Supreme Court
Supreme Court Regulation No. 4 Year 2014 Strengthens Diversion in Children in the Criminal Justice System
The enactment of Law No. 11 Year 2012 on Child Criminal Justice is a significant milestone for the protection of children’s rights in Indonesia. It is part of Indonesia’s commitment to fulfill the country’s international obligation in implementing the Convention on the Rights of the Child (CRC). One important feature from the Law is on the adoption of the diversion system for juvenile offenders. In Article 40 (3) point b of CRC, it stipulates that whenever possible, children should have the opportunity to other alternatives beside judicial proceedings (diversion).

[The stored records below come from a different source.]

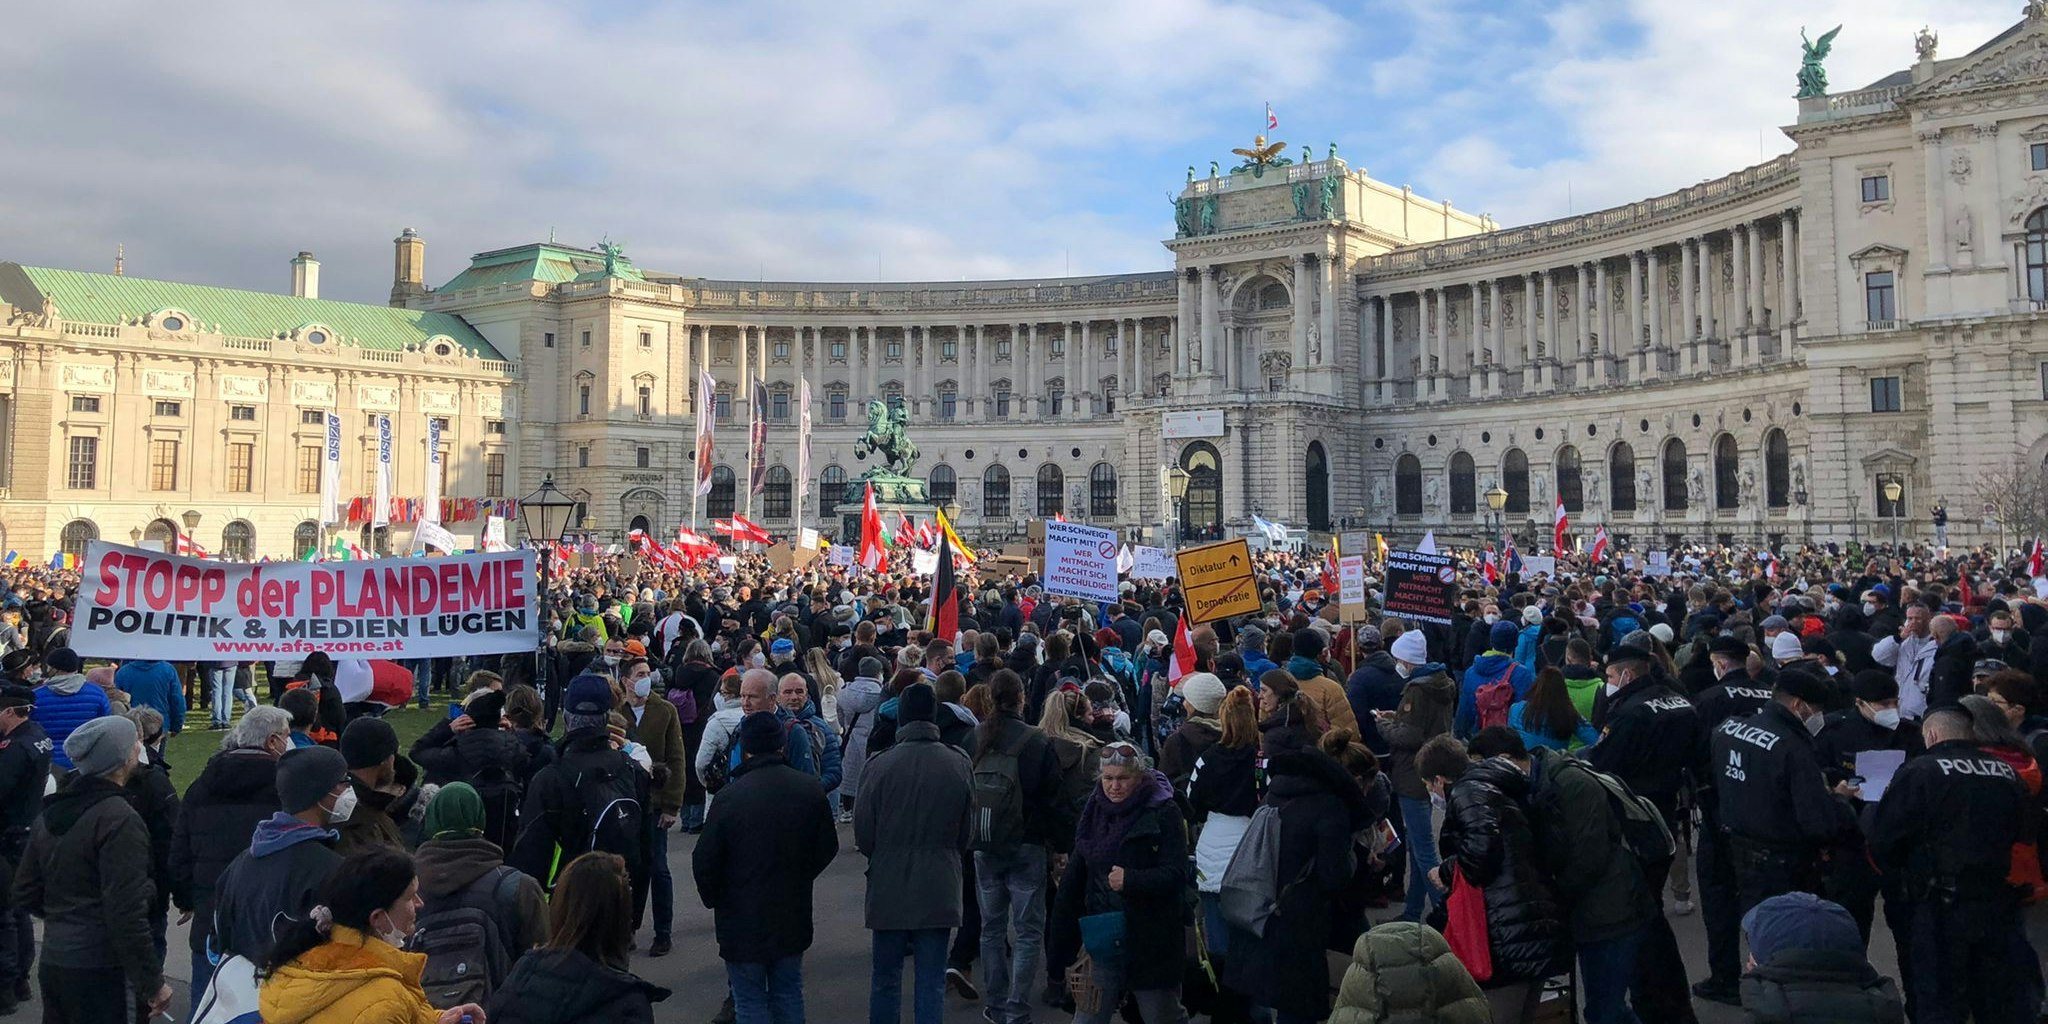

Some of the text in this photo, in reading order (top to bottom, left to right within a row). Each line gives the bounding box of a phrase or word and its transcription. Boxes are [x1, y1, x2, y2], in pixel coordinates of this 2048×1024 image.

[1048, 523, 1109, 540] WER SCHWEIGT
[1048, 534, 1078, 546] MACHT
[1079, 538, 1097, 549] MIT!
[1073, 549, 1093, 558] WER
[1390, 551, 1451, 565] WER SCHWEIGT
[1060, 556, 1105, 570] MITMACHT
[1190, 561, 1227, 576] Diktatur
[1388, 560, 1437, 574] MACHT MIT!
[1058, 566, 1108, 580] MACHT SICH
[1413, 574, 1431, 582] WER
[94, 551, 526, 618] STOPP der PLANDEMIE
[1050, 574, 1114, 591] MITSCHULDIG!!!
[1398, 583, 1442, 593] MITMACHT
[1047, 587, 1117, 603] NEIN ZUM IMPFZWANG
[1196, 591, 1250, 610] Demokratie
[1394, 592, 1424, 601] MACHT
[87, 606, 527, 639] POLITIK & MEDIEN LÜGEN
[212, 639, 404, 653] www.afa-zone.at
[1718, 719, 1780, 751] POLIZEI
[1729, 749, 1742, 768] N
[1725, 765, 1746, 782] 230
[1936, 758, 2017, 781] POLIZEI
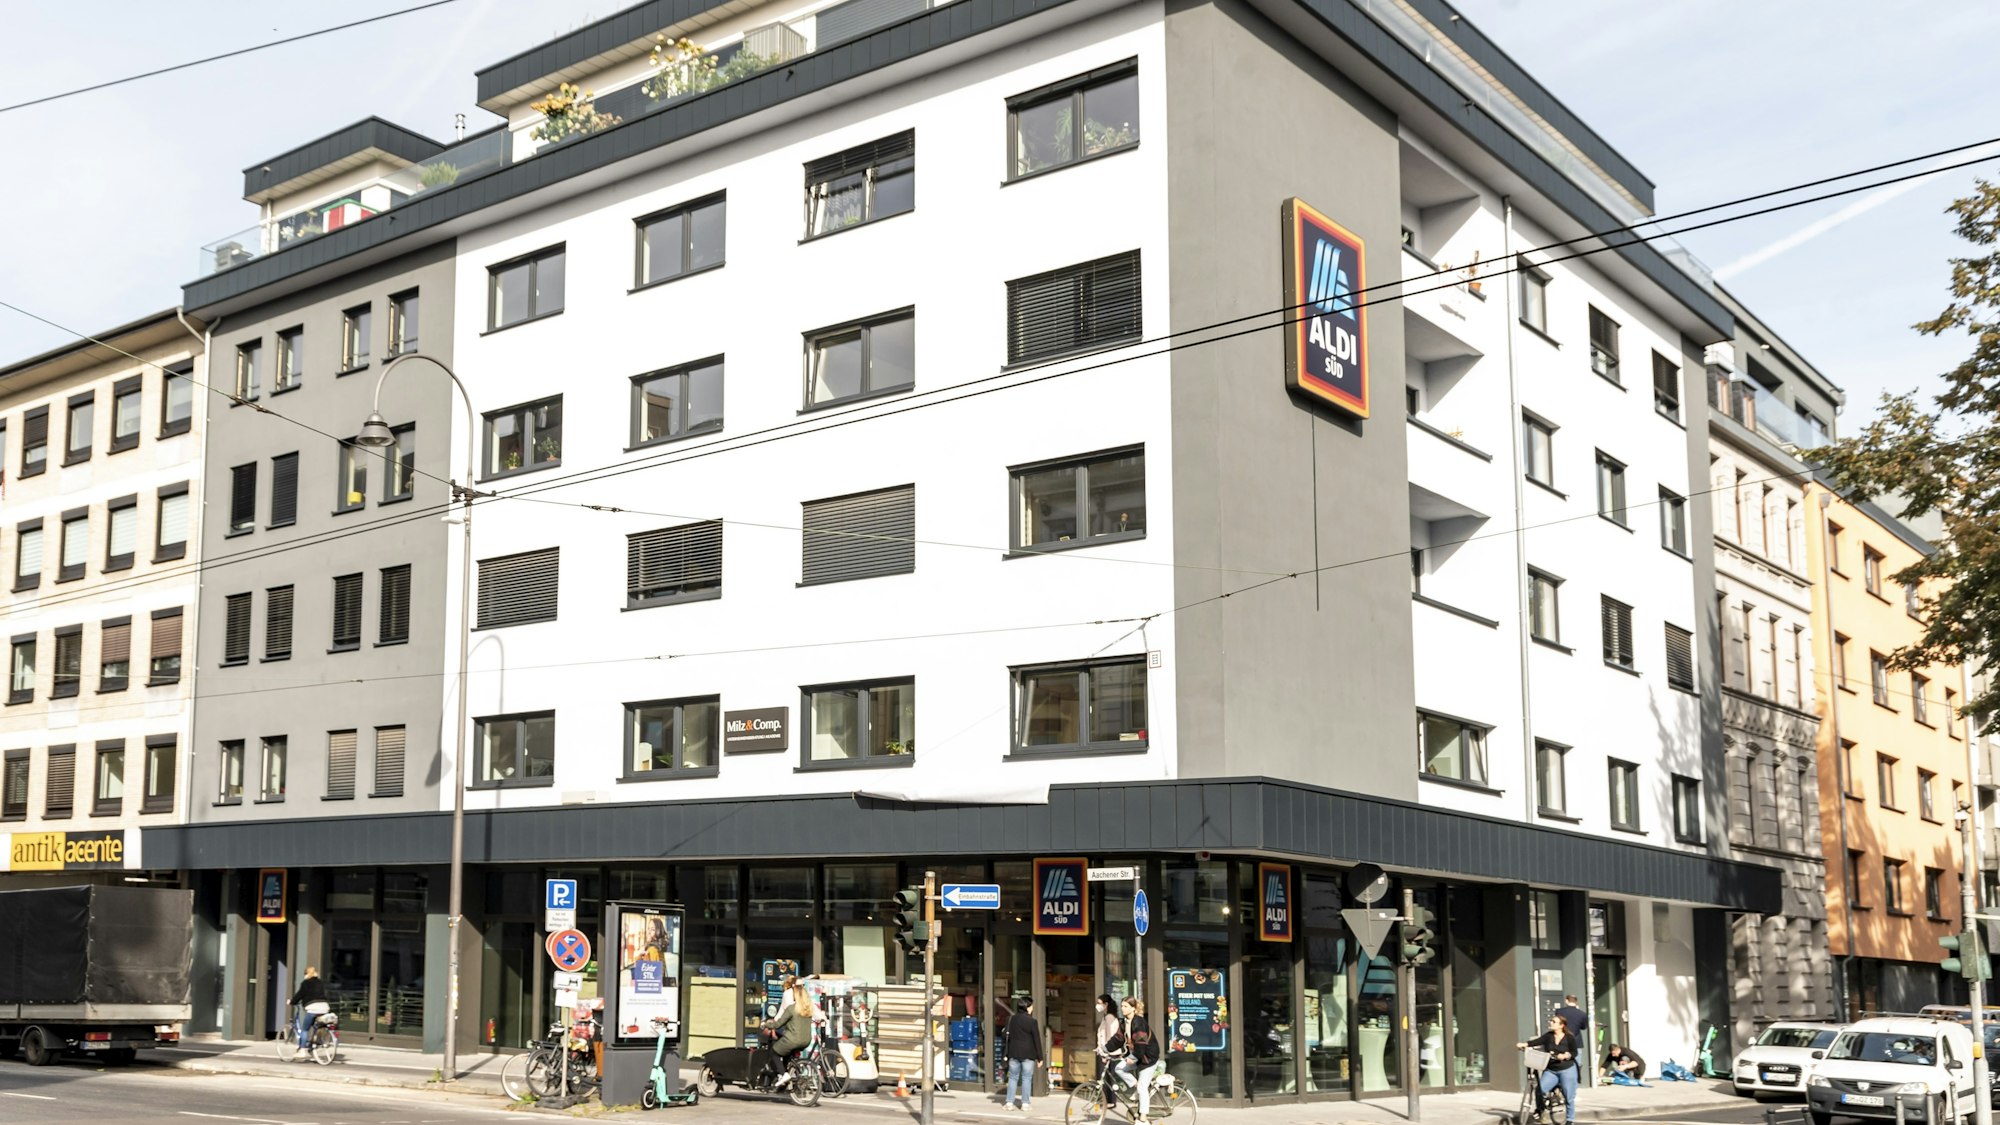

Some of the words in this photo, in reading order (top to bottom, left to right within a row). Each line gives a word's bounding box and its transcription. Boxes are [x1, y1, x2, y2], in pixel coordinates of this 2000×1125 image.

[1309, 313, 1357, 366] ALDI
[1325, 355, 1344, 379] SÜD
[727, 719, 782, 732] Milz&Comp.
[14, 835, 62, 863] antik
[1092, 871, 1119, 879] Aachener
[1120, 870, 1131, 878] Str.
[553, 883, 570, 906] P
[262, 898, 281, 909] ALDI
[1043, 901, 1079, 915] ALDI
[1054, 915, 1068, 924] SÜD
[1266, 908, 1287, 921] ALDI

In the Indonesian legal system, the adoption of the diversion system is clearly stipulated in Article 6 to 15, where the child is put into a mediation process between offenders, the victims’ representatives, and social service officers. The diversion is further strengthened with the enactment of Supreme Court Regulation No. 4 Year 2014 on Guidelines of the Diversion System Implementation in the Child Criminal Justice System. The Supreme Court regulation enactment welcomes additions in the operational implementation of the diversion system. One notable feature can be seen in Article 3 of the Supreme Court Regulation. The article abolishes the adulthood by marriage concept.
This is a well-established concept accepted in the legal perception, where a child can assume adult rights and responsibilities whenever they have enter marriage, despite their age (under 18). Thus, a child (under 18) who is already married is considered as an adult. As a result, they are treated as adult offenders.

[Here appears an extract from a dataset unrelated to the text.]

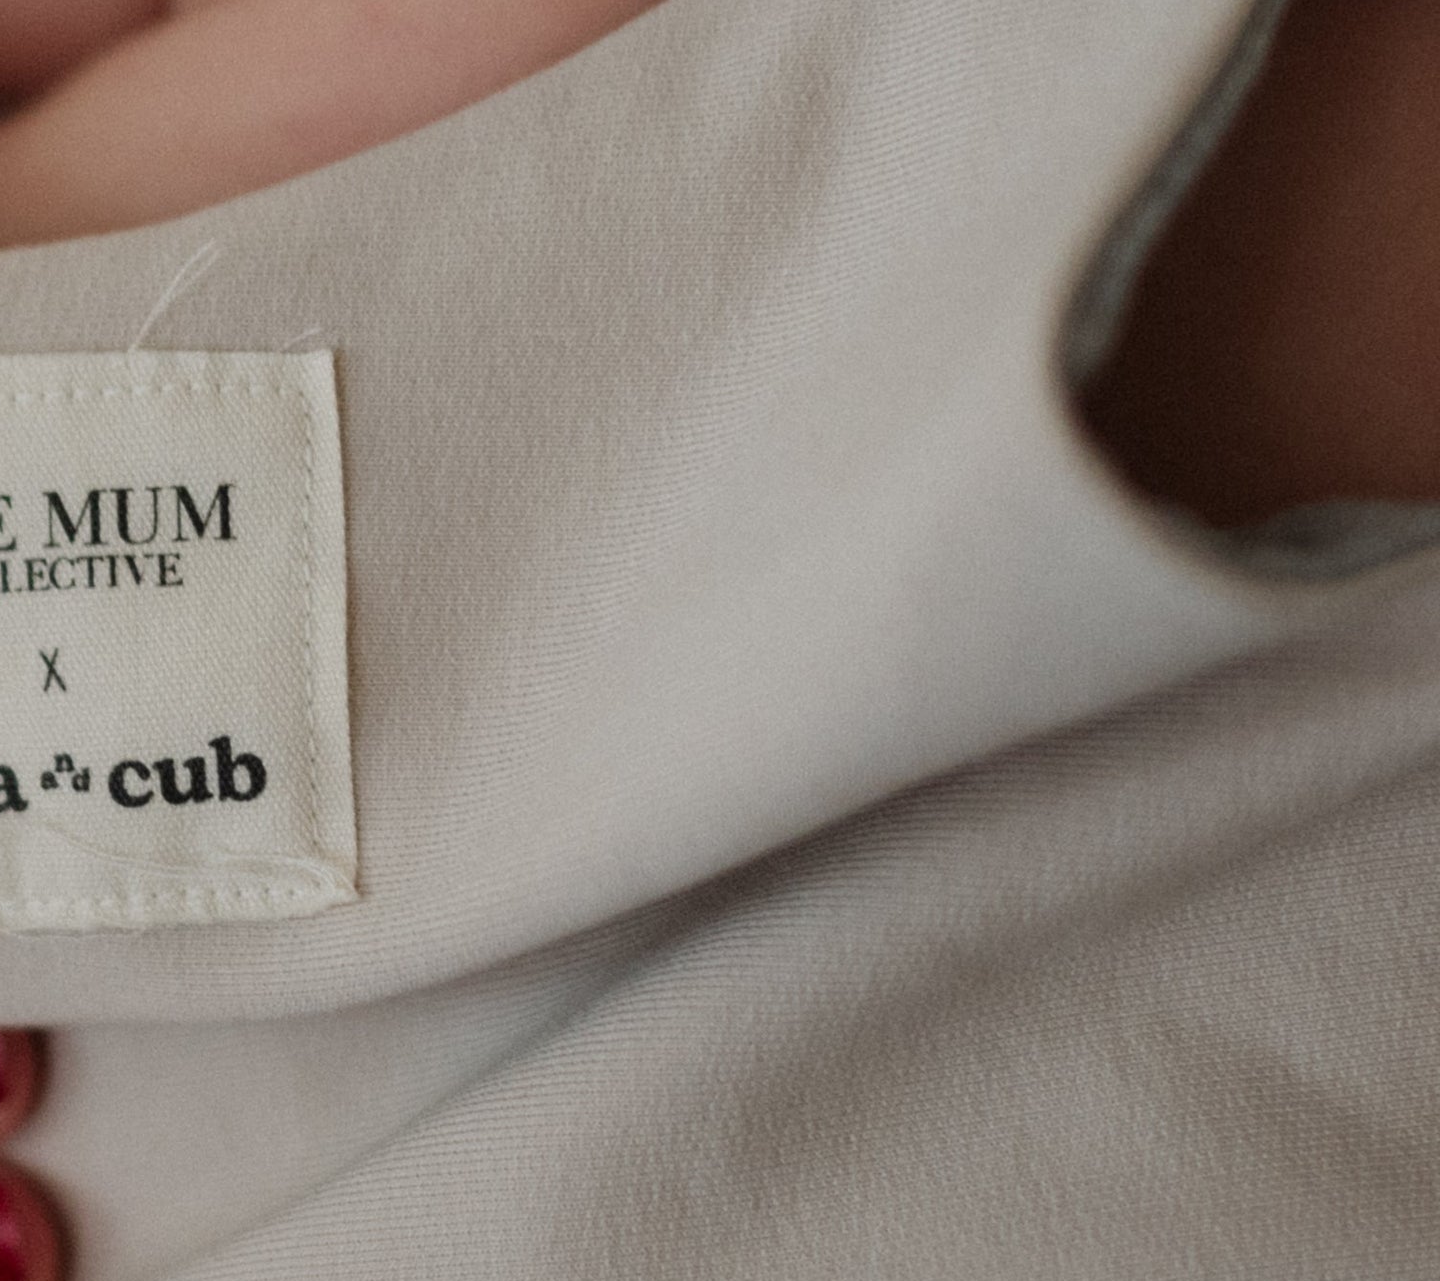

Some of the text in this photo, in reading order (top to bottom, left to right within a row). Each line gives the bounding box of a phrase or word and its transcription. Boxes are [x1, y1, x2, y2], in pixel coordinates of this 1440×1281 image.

[42, 482, 238, 549] MUM
[40, 752, 91, 793] and
[107, 734, 268, 809] cub

However, the Supreme Court Regulation could potentially become dormant. The involvement of the Child Penitentiary Officers (Balai Pemasyarakatan/BAPAS) is strategically important in overseeing the implementation on the result of the process. Unfortunately, such a problem is raised because the BAPAS is not part of the court structure, but rather is part of the Ministry of Human Rights and Law structure. Thus, further communication is needed between the court and the ministry to discuss technical aspects in the overseeing process in order to make the implementation of the diversion system runs smoothly. (GAT)
House of Representatives
The Surrounding Discussion on the Bill on Advocates
It’s been one year since the House of Representatives Plenary Session on 12 July 2013 approved the Bill on Advocates as a House of Representatives initiative proposal. However, up until the end of the 2009-2014 House of Representatives tenure, discussions are still left unfinished. Based on the Problem Inventory List of the Bill on Advocates, there are still as many as 132 numbers of problems that have not reached an agreement. That being said, the time for discussions is running out fast. This current House’s session, which started on 15 August 2014 and will end on 30 September 2014, is the last session for the 2009-2014 periods; roughly 33 days remain. Would this be enough time to run discussions on the bill; and would it suffice? Would it compromise the quality of the bill?

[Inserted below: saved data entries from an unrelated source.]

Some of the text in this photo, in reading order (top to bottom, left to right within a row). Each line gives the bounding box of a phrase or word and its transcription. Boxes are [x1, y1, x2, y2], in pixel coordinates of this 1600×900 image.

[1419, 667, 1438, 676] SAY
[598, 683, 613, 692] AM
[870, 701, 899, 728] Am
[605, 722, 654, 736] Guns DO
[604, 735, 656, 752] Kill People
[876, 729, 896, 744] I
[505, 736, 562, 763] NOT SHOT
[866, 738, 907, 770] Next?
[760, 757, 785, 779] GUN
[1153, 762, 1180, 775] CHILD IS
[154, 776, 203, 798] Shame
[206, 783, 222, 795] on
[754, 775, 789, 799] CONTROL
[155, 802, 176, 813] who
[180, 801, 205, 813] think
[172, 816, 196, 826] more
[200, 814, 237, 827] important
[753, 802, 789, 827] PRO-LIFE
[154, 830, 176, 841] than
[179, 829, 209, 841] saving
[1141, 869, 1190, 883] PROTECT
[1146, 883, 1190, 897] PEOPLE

Time is a minimum precondition to discuss a bill to ensure the quality. The period 33 days left is not enough to resolve the many materials in the Bill on Advocates. If forced, it will effect on the second precondition, which would mean problems need to be addressed in the bill will go unresolved. Should this be the case, then what at stake is not only the bill material, but also the sustainability of the organization and profession of advocates. Furthermore, it could cause damaging effects on the justice system; a gamble that’s truly not worth the risk.
The material within the Bill on Advocates is quite complex and cannot be taken lightly. This can be seen from the arguments that arose from the on-going discussions from the bill. Topics that emerged from the discussions range from the definition of Advocate itself, already a hot topic since the enactment of Law No. 18 Year 2003 on Advocates, the existence and arrangement of foreign advocates in Indonesia, advocates professional education which encouraged to be run by advocate organizations and also the topic of bar organization. The bill on Advocates would regulate on the establishment of the National Bar Association (Dewan Advokat Nasional/DAN), who shall encompass bar association (multibar). However, this has been rejected by the Indonesian Advocates Association (Perhimpunan Advokat Indonesia/Peradi), whereas on the other hand, a large number of senior advocates are supporting the concept. The mentioned issues, in our opinion, are challenges that are extremely difficult to overcome with only 33 working days available. (MSG)
House of Representatives
The Opening of Session I of the House of Representatives
The opening of Session I of the 2009-2014 House of Representatives period was done in line with the Presidential Speech regarding the financial memorandum of the 2015 National Budget. The session, which started on 15 August 2014 and will end on 30 September 2014, will be the last House’s session for the 2009-2014 period. Besides being viewed as a transitional phase, this momentum should also be directed towards conducting evaluations towards the performance of the House. The purpose is no other than to ensure that this representative institution will perform on a higher level in upcoming periods. In his speech, one matter that was highlighted by House Speaker, Marzuki Alie, was that the suboptimal legislative function. He admitted that the achievements in legislation were still subpar. Even though the House has made several breakthrough achievements, such as enacting Legislation Day since 2010, the legislation target still has not been reached. He added that the suboptimal performance of the House and Government is seen as one of the causes.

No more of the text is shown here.